Monday, April 25, 2022

another sample - short vid (24 seconds)

Note: TIME CALCULATOR, TEXT ANIMATOR (fade-in/out).

This post is how I manipulated a short vid, which is easy. But if a video is, say, 70 mins long, maybe I only want to keep the first 55 minutes of one of these...

$ ffmpeg -i foo.mp4 -t 55:00 -c copy output.mp4

Alternatively, perhaps I have a 4 hour and 20 minute video, from which I want to keep the final 20 minutes...

$ ffmpeg -ss 4:00:00 -i foo.mp4 -c copy part5.mp4

example

Got a couple minutes of funny video when slowed down to half speed. The audio needed to be gained up some, that was its only flaw.

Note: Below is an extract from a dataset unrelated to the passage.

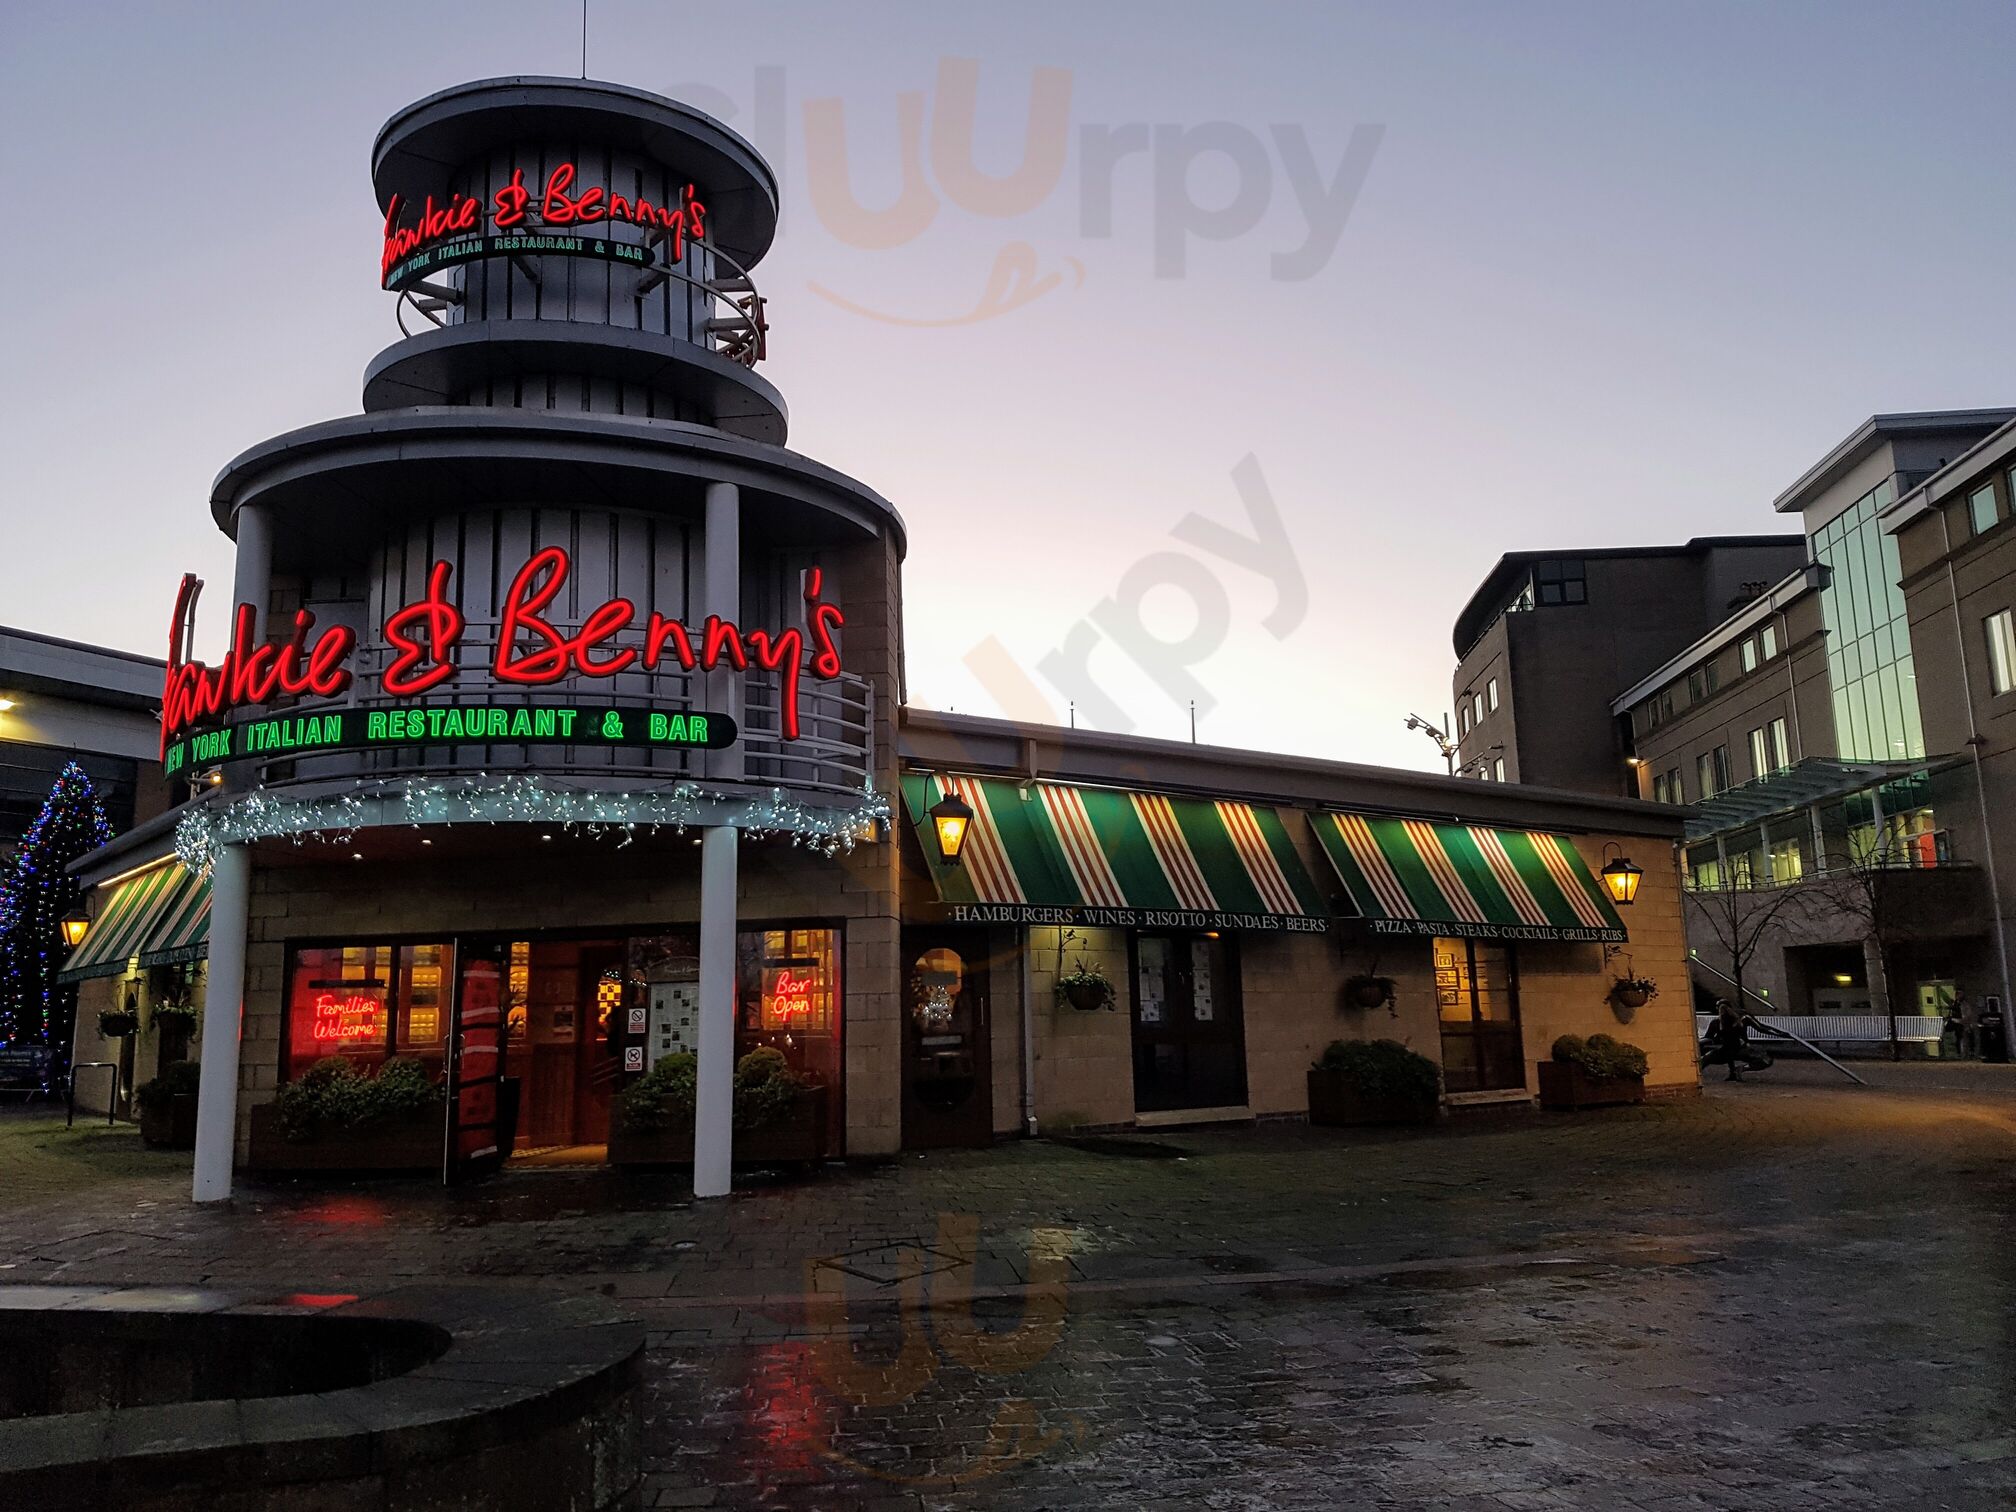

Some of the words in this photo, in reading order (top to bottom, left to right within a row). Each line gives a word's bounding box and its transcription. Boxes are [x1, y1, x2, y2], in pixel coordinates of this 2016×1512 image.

Plan: cut it down to 30 while convert to MP4, slow audio to half speed, split audio to clean and gain. Recombine. Observe closely and cut down to 24. Add fade-in, fade out. Upload and laugh.

1. cut down to 30 and convert to MP4

Trivial to convert containers -- do it when cutting.

$ ffmpeg -i original.mkv -t 00:30 -c copy short.mp4

2. slow audio and video

Halve both the audio and video speeds, as seen in the video beneath the command.

$ ffmpeg -y -i short.mp4 -filter_complex "[0:v]setpts=2.0*PTS[v];[0:a]atempo=0.5[a]" -map "[v]" -map "[a]" halfspeed.mp4

half-speed example (3:28) The FFMPEG guy, 2021. Does audio, video, then both audio and video. Reveals filter complex mapping.

3. split audio and video

Separation was necessary in this case b/c the audio was a little dirty. I needed to work on it independently.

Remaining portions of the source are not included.